Oral storyteller, puppeteer, and “Science Magician” who can bounce eggs and throw ordinary playing cards into hypnotized watermelons, Martin Willitts, Jr. gives us a collection on survival, forgiveness, and bearing witness, poems that draw from Willitts’ work as a medic for the American Service Committee during the Vietnam war, then range free into contemporary life, speaking truth about our wounds, speaking truth to power.
America Asks About Justice
We are transporting bananas through fields of bones.

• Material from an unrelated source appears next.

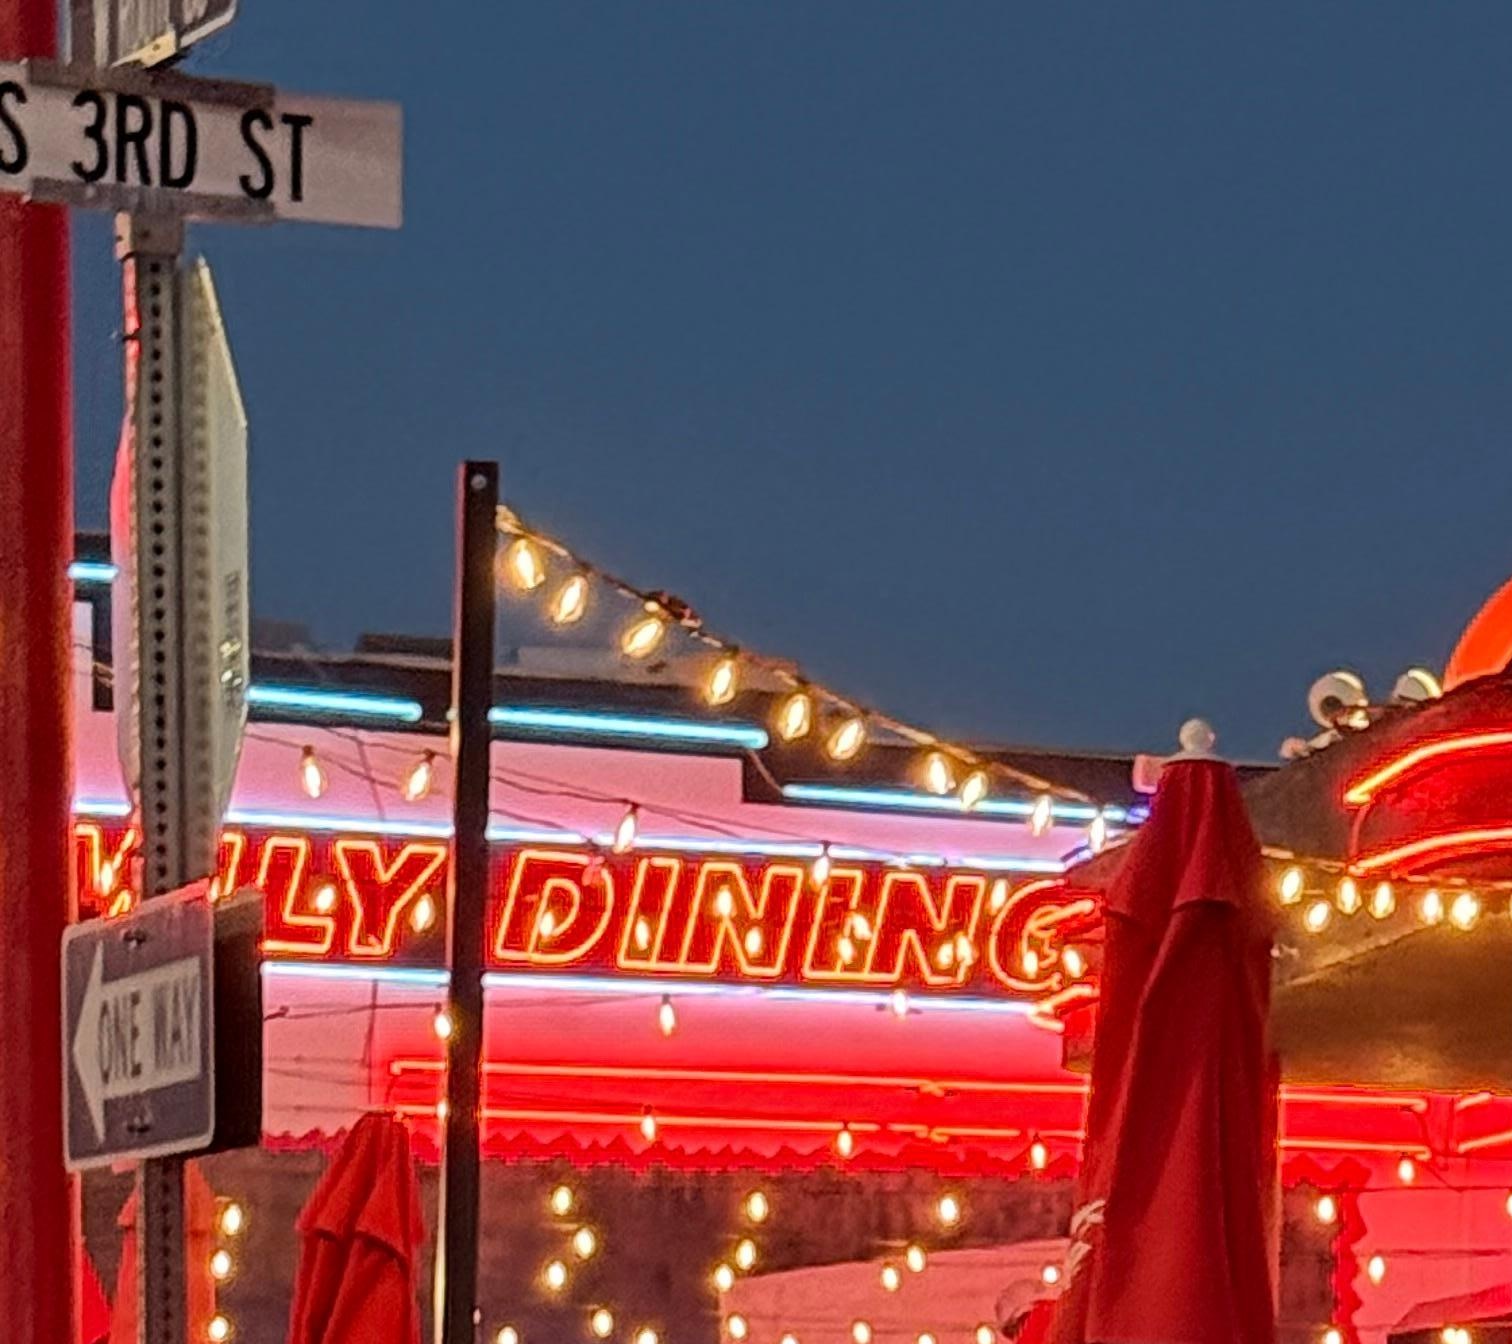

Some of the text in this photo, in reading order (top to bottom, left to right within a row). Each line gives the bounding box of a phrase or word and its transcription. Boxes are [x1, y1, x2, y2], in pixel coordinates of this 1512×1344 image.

[0, 80, 314, 202] S 3RD ST
[494, 846, 1100, 993] DINING
[99, 973, 200, 1085] ONE WAY

And we dare to ask about Justice?
A church stating good intentions sends Bibles to cure AIDS.
Someone points out
we must save the innocent by bombing them
for weapons they never had.
We stretch lazily across borders and ask about Justice.
Hypocrisy is packaged like corn flakes.
We made men stand naked on a small wavering box,
blindfolded as Lady Justice, a noose around their necks,
threatening to kick the box out from under them,
haggling over the price of gasoline.
This is the Justice we hand out as purple thumbs.
We justify our actions.
We justify someone else’s poverty.
We do not investigate the infected mold of FEMA trailers.
We do not investigate contaminated food given to the School Lunches.
We do allow fraud to exist in non-bid contracts to War contractors
who build things that fail our soldiers.
Justice is a smirking recruitment poster.
We would rather teach children about values
from a book written by a man who was arrested
after violating three of his own values.
This is justice.
We bring justice like bombing raids.
When enough damage is done,
there will be final assessments
of the success or failure.
The end result does not matter.
Justice will be served on a platter like empty collection plates.